Images for object localization:
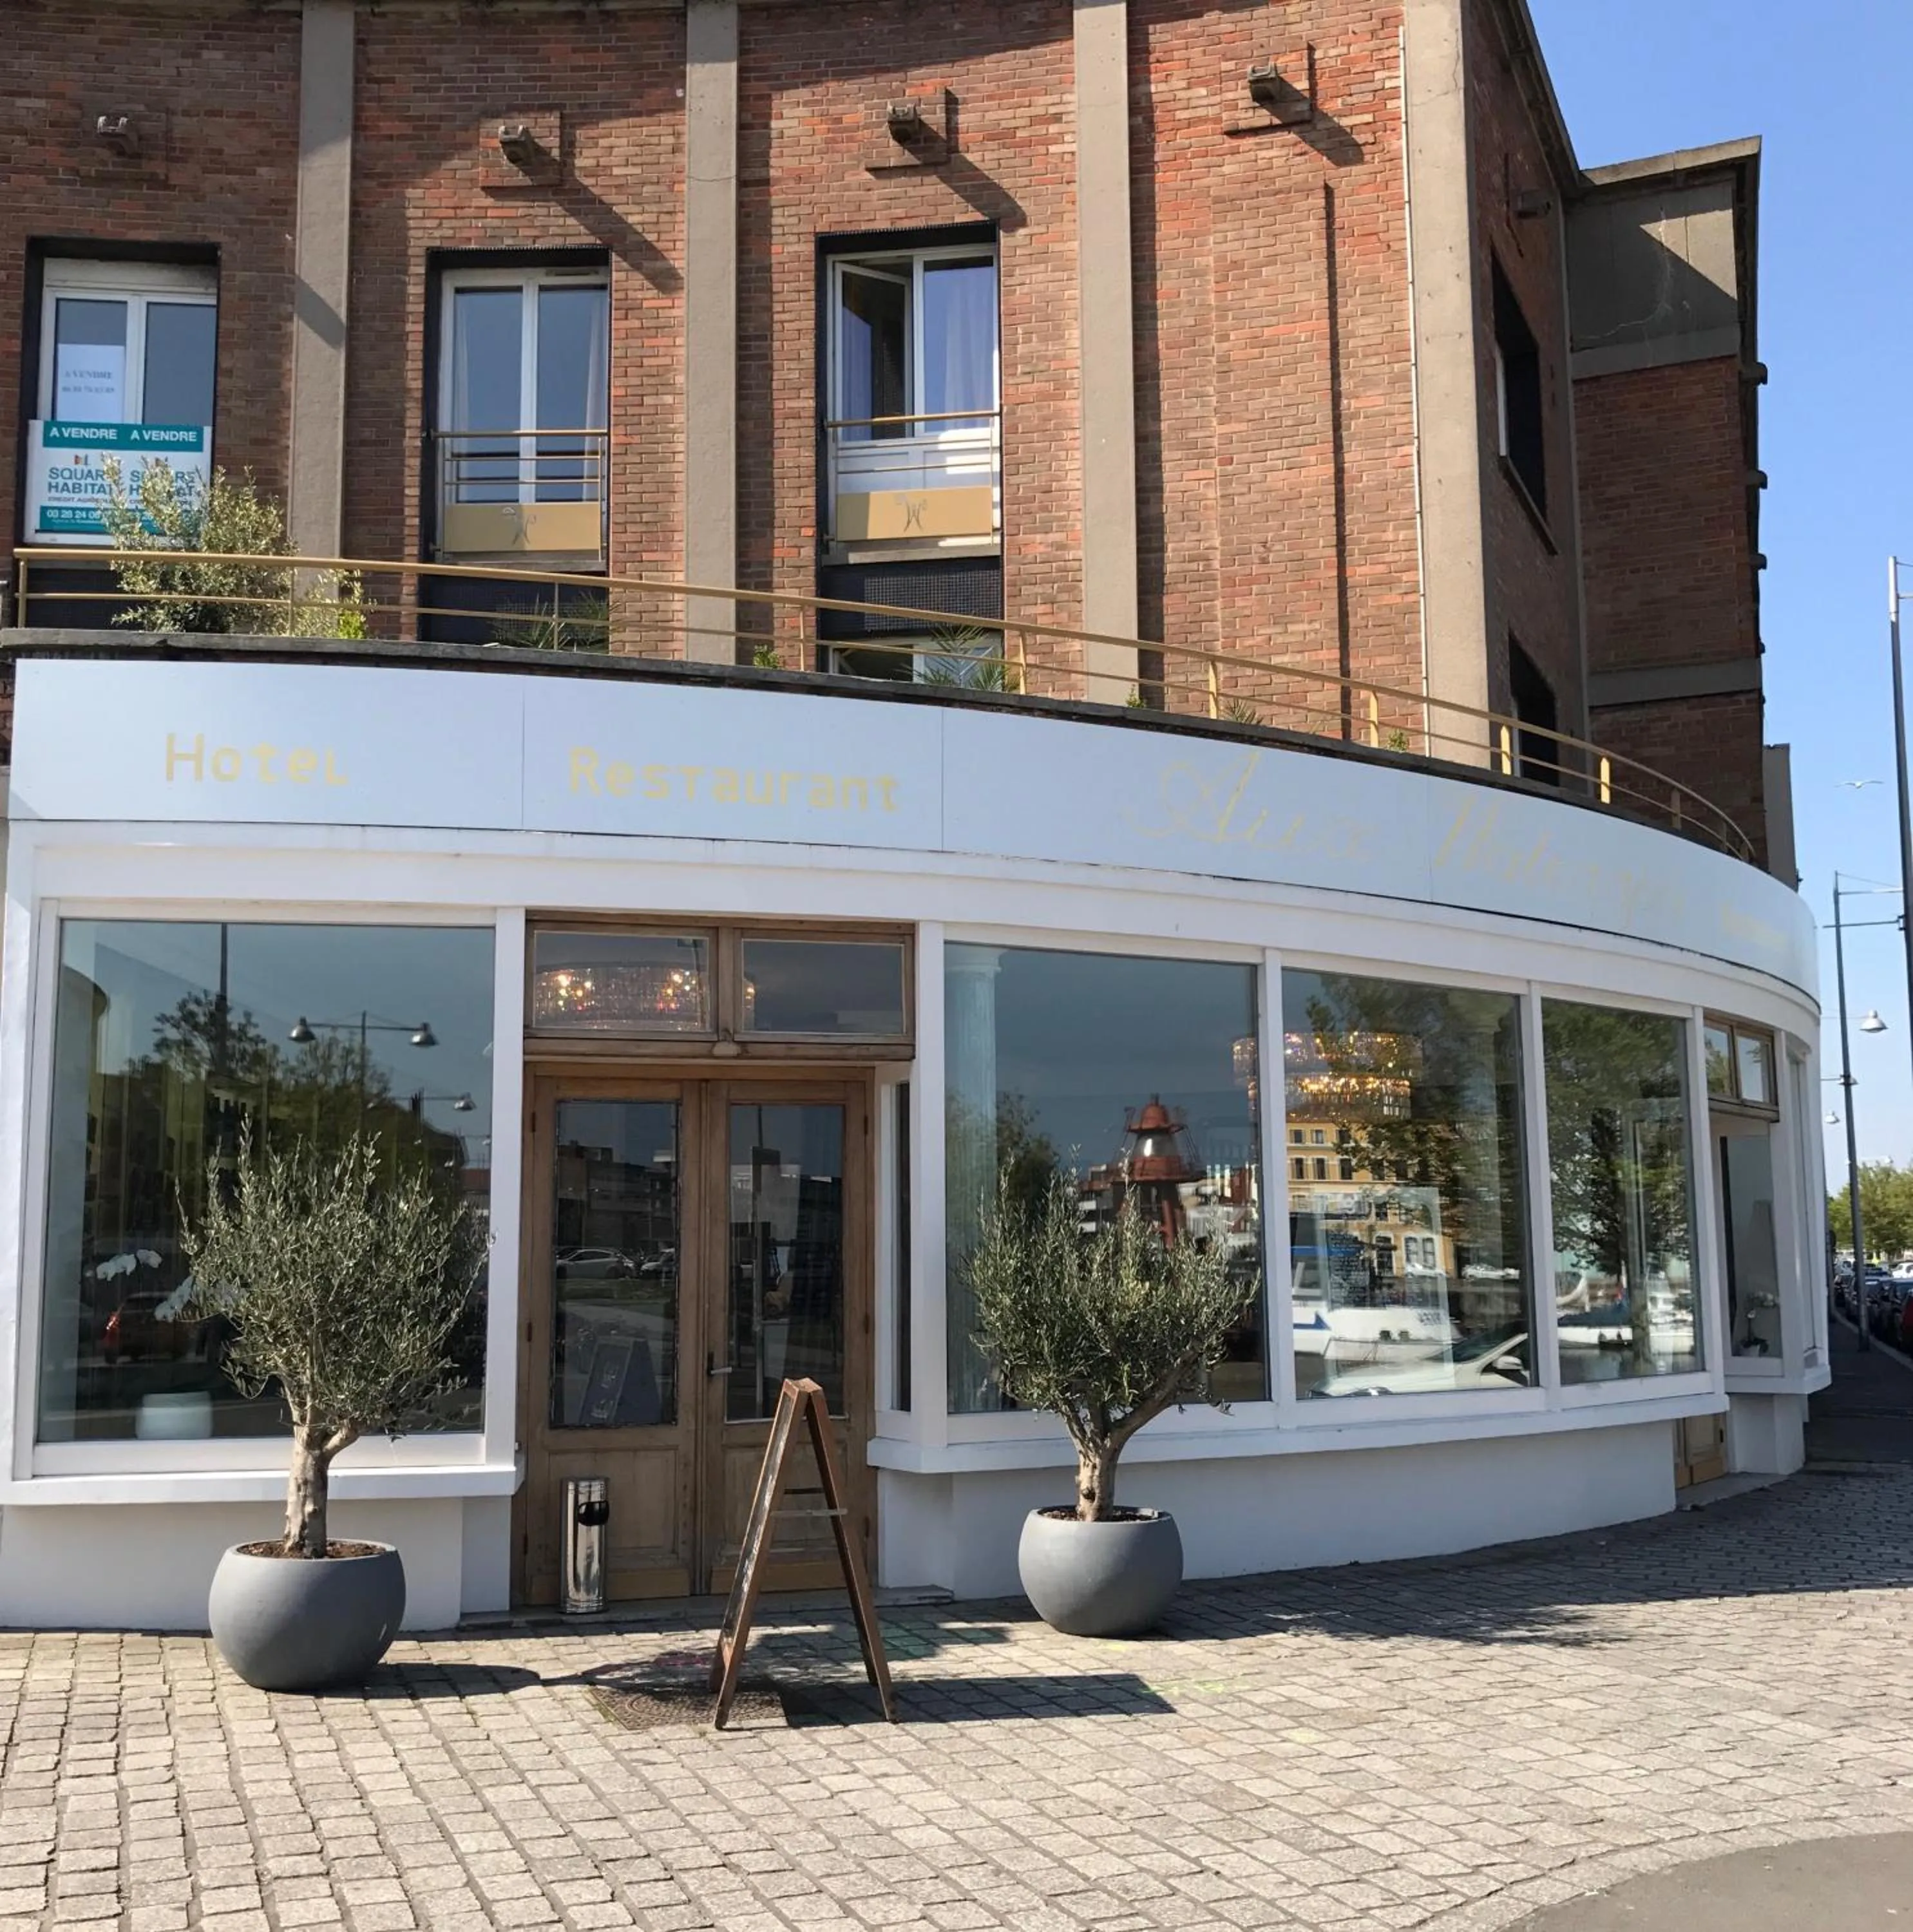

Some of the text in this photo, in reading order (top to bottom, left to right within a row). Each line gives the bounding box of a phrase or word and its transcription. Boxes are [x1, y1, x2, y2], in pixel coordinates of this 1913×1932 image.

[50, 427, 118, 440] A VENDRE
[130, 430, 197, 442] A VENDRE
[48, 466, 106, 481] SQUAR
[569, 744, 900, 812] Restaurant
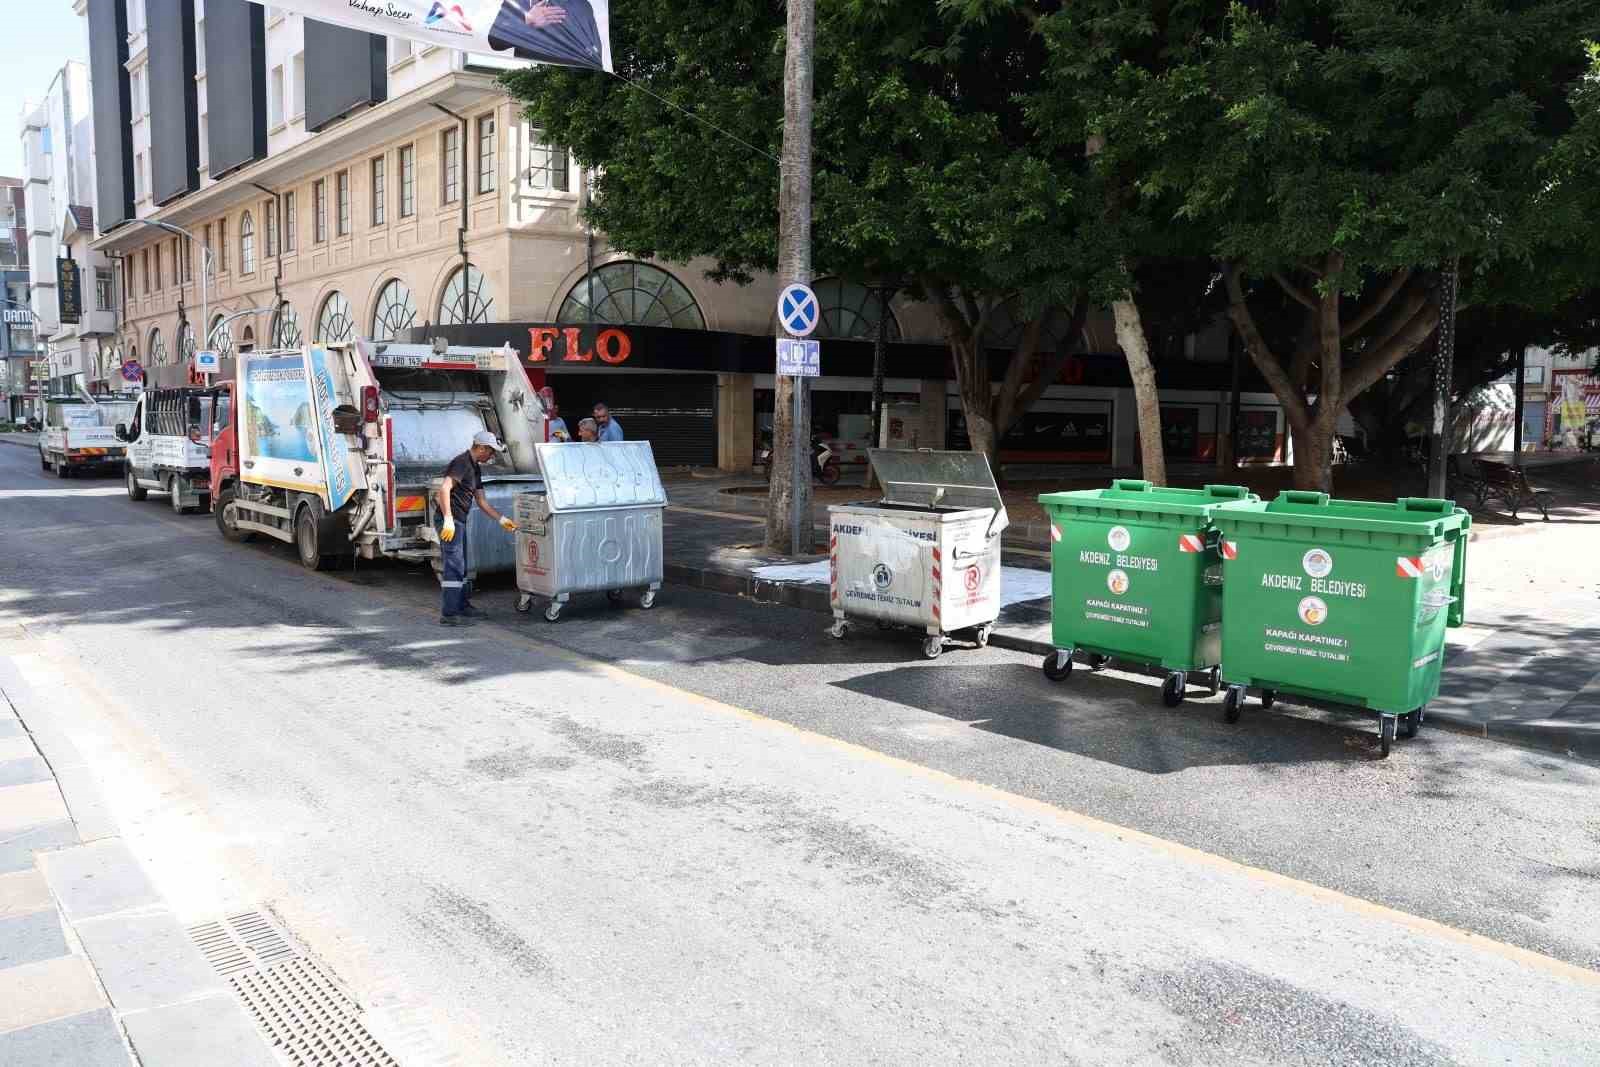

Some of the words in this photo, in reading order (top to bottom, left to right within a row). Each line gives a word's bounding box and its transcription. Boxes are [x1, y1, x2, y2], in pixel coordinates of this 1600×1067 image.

**Aim of the exercise:**
Since the pictures don't belong in the copy, copy only the rest of the entries above exactly.

**Exercise response:**
Some of the text in this photo, in reading order (top to bottom, left to right within a row). Each line gives the bounding box of a phrase or word and its transcription. Boxes are [x1, y1, x2, y2], in pixel coordinates of this 1913×1932 image.

[50, 427, 118, 440] A VENDRE
[130, 430, 197, 442] A VENDRE
[48, 466, 106, 481] SQUAR
[569, 744, 900, 812] Restaurant

Some of the words in this photo, in reading order (top to bottom, left to right within a row). Each line gives a word's bounding box and its transcription. Boxes are [x1, y1, x2, y2], in pixel coordinates of this 1600×1067 image.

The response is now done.